2. Online chess accounts can be closed for several reasons, including the use of abusive language and inappropriate conduct, but the vast majority are closed for fair play violations. The popular internet chess platform Chess.com announced in August 2020 that they close an average of 500 accounts every day for computer-assisted cheating (https://www.chess.com/article/view/online-chess-cheating).
3. This issue of computer-assisted cheating – especially for online chess – is an increasingly significant one worldwide, as can be seen from this article published in Guardian on 16th October 2020 (https://www.theguardian.com/sport/2020/oct/16/chesss-cheating-crisis-paranoia-has-become-the-culture) which also interviewed officials from chess's international governing body FIDE.

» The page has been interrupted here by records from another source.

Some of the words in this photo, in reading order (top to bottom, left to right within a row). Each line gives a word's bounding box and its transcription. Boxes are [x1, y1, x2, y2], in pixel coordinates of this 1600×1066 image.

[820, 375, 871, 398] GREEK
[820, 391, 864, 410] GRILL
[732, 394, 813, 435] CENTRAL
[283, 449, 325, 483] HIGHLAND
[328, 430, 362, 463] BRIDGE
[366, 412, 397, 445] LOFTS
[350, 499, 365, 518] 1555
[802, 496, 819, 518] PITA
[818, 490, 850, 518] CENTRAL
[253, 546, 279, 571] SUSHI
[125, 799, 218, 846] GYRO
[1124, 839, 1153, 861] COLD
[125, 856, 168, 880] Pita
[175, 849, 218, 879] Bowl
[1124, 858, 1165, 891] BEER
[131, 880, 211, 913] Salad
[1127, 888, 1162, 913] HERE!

4. The major existing internet chess platforms employ different means of detecting players who might be using computer assistance, including in-house algorithms and a panel of experts for independent review. These are highly accurate and greater than a mere balance of probability – it is not in the interest of commercial internet chess platforms to wrongly close accounts for fair play violations. Chess.com described their method in general terms in the aforementioned article (https://www.chess.com/article/view/online-chess-cheating) and – just like other major platforms – also have an appeal process if a suspended player feels aggrieved that his or her account was closed erroneously.

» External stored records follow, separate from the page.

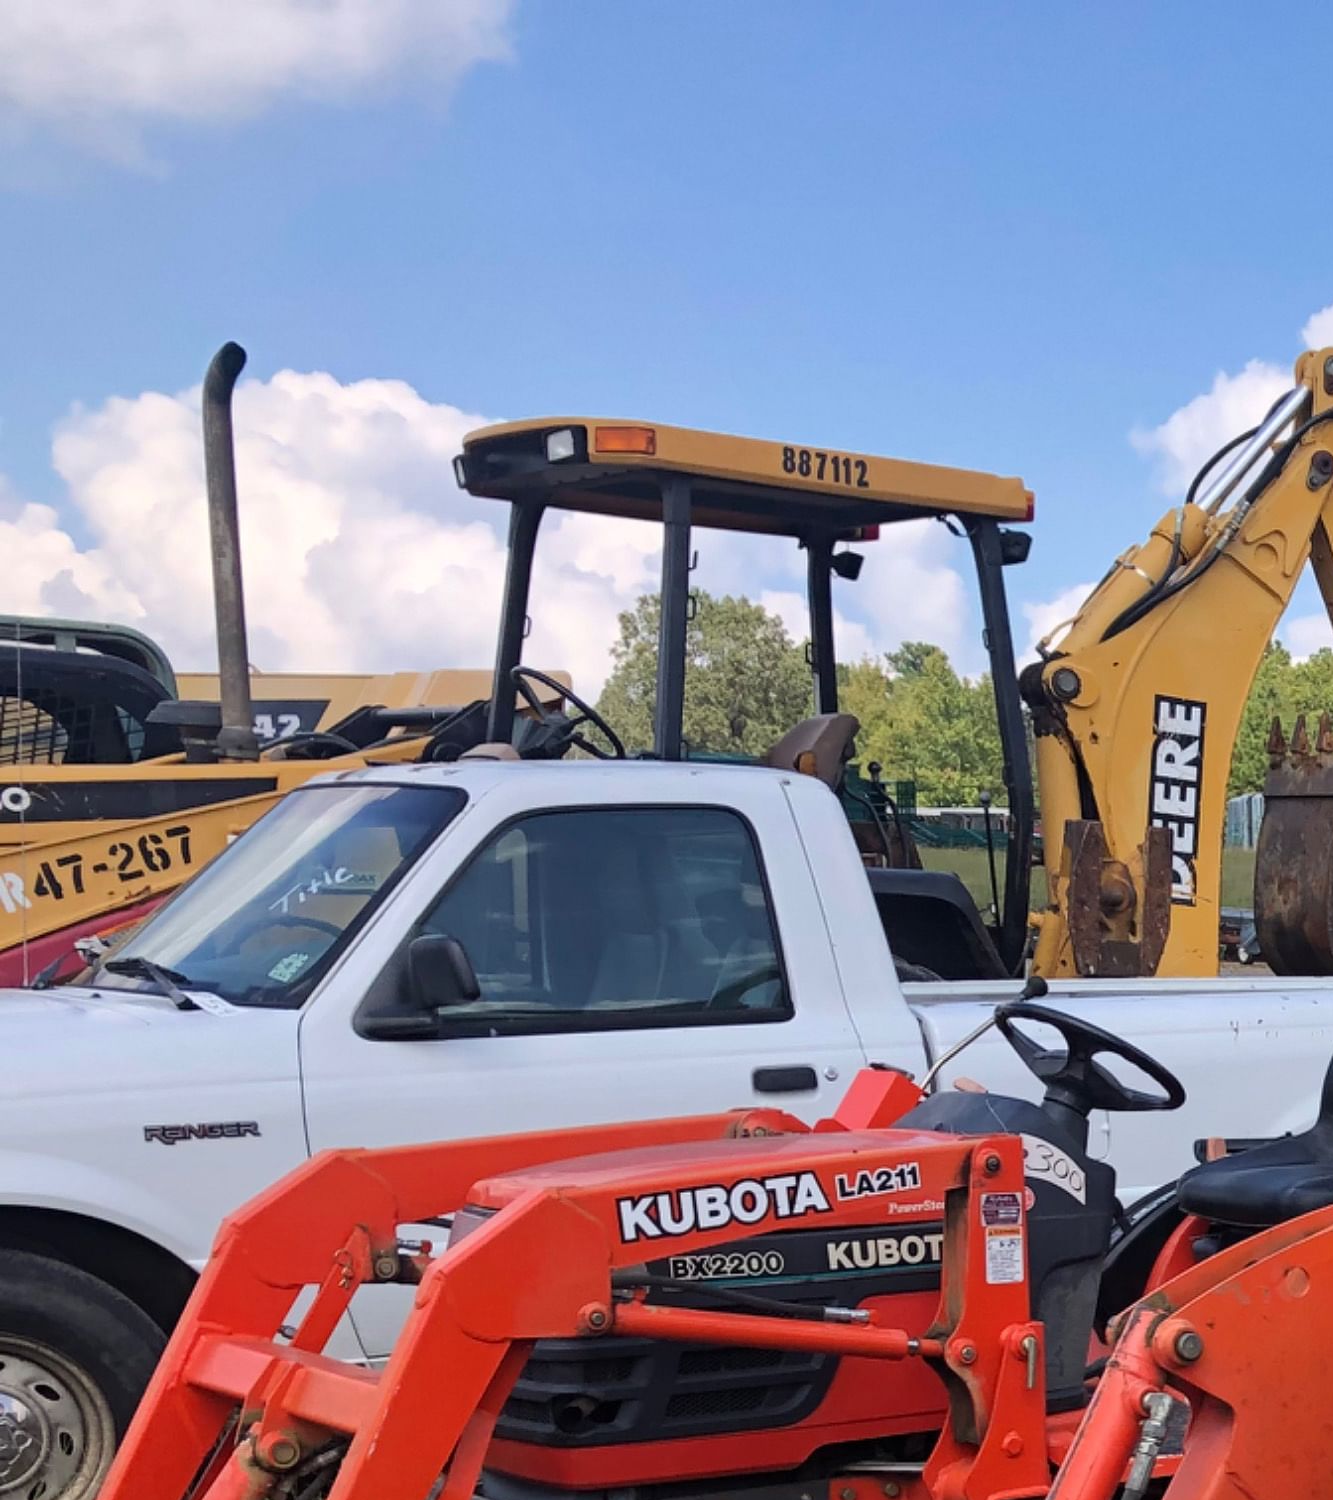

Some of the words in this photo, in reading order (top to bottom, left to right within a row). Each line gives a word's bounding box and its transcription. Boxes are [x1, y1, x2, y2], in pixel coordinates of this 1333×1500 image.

[783, 446, 869, 488] 887112
[34, 825, 191, 900] 47-267
[1024, 1143, 1083, 1192] 300
[619, 1171, 832, 1242] KUBOTA
[836, 1163, 920, 1199] LA211
[671, 1253, 784, 1279] BX2200
[827, 1233, 944, 1270] KUBOT

5. As a National Sports Association, it is our responsibility to ensure that our athletes representing Singapore are not just the best in terms of skill, but that they also exhibit the highest standards of ethics and conduct. We see the declaration in Clause 3 as a first measure in establishing these standards that we believe the Singapore chess community, and the MOP would expect from our national athletes.
6. We believe in being open and inclusive, and we will gladly engage any players and/or their parents if they feel that their accounts have been suspended unfairly. For instance, there were 2 players who have had their accounts closed within the last 24 months but wished to participate in the Asian Youth Online event. Instead of rejecting their applications, we have engaged their parents in confidence to seek an understanding as to how these accounts were closed. While we cannot disclose the contents of these conversations nor the names of the players, we can share that we are happy with the outcome of these conversations and have proceeded with their registrations.
If by any chance the MOP's child was affected due to this declaration clause and feels that her/his account was closed erroneously, we would similarly be happy to engage her/him and discuss how we can proceed.
7. We wish to assure you that the SCF is committed to promoting fair play and inculcating the right values in our young players through the game of chess. We are in the process of drafting up a Fair Play framework for chess that is in line with the World Anti-Doping Code of which Singapore is a signatory. There will be a clear appeal process and certainly for minors and recreational athletes, there will be flexibility in sanctioning. If we do impose any sanctions, these will also not be disclosed publicly except for the most egregious of cases.
8. We also wish to assure you that the SCF is mindful of the need to protect the identities of minors at all times. Discussions of possible sanctions are deemed highly sensitive and are therefore kept within a small committee within the SCF Exco on a need-to-know basis.
9. In the coming months, we will be setting up townhall meetings with interested parties on such matters to see how the chess community can work together on these common goals and to correct common misunderstandings about statistical analysis tools.